Issues of Diagnosis and Treatment

             Many of the conditions and disorders described by the DSM IV are defined by subjective symptoms, and Mood Disorders, including Major Depressive Disorder, are certainly among these.  Mood Disorders are, at the same time, among the most commonly diagnosed and treated conditions in the United States.  Among the criteria evaluated for a diagnosis of depression are depressed mood for most of the day, markedly diminished interest or pleasure in activities, particularly in normally enjoyable activities and feelings of worthlessness.  Not only are all of these criteria subjective to a certain extent, but all are also relative.  No two people are the same and if there is such a thing as a normal mental and emotional state for an individual it is certainly unique to that individual.  Individuals are also certainly not emotionally constant; everyone has ups and downs emotionally, and circumstance can potentially make what might ordinarily be abnormal behavior or thought into a very reasonable in other circumstances. 

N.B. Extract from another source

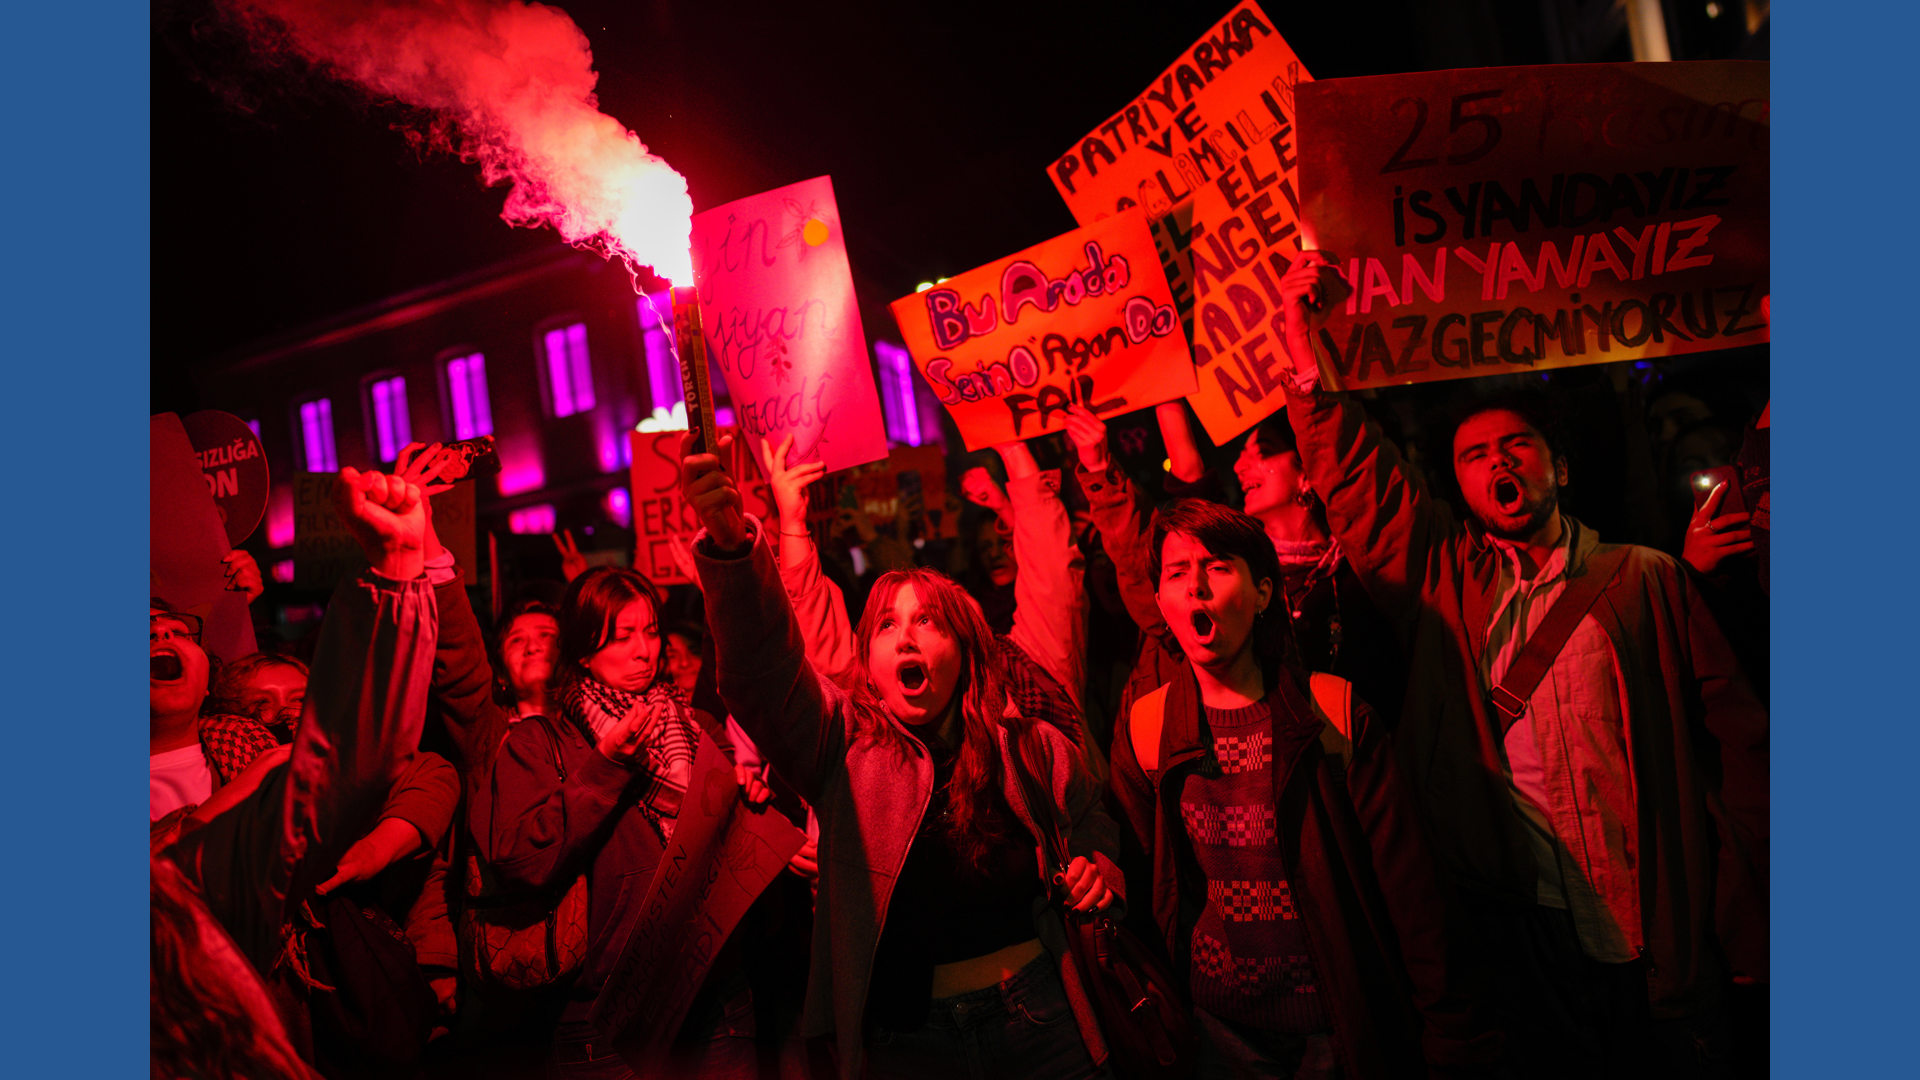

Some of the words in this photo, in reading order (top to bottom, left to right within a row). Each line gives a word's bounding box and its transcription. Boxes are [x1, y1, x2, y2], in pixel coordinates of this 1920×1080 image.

The example that I’ve always been given is that the symptoms of agoraphobia may manifest in people living in a war zone, but because those individuals are legitimately afraid to leave their homes, and it is reasonable to say that those people are not disordered.  A similar issue that often arises when discussing mood disorders and MDD in particular is grieving and the distinction between normal sadness in response to a serious loss and depression.  The DSM does attempt to take into account normal grieving in its criteria for the diagnosis of MDD, precluding anyone from receiving a MDD diagnosis within three months of a major traumatic event, which is probably better than not including any provision, but still problematic because there isn’t necessarily a compelling reason why a proper period of mourning should end after three months, or have any set period.  Criteria for depression can also be adjusted based upon the age of the patient.  Depression in young children, particularly young boys, is often characterized by irritation and anger rather than sadness; and arguments have been made that ADHD is underdiagnosed in young girls because they tend to be inattentive without being hyperactive.  Disorders can include very different and sometimes almost opposite or contradictory symptoms that it is easy to wonder whether the distinctions made between disorders or the symptoms swept up into a disorder are based upon any real sameness of the source of those symptoms.  Of course this becomes a very significant question when dealing with treatment; if you proceed with the assumption that ADHD and Depression should be treated with the appropriate medications it becomes very hard to know how to proceed when faced with a patient with the symptoms of any number of disorders.  Is an angry disruptive boy depressed, hyperactive, does he have a conduct disorder?  Combine that with the inconsistent effectiveness of different medications and often treatment succeeds via trial and error when it does.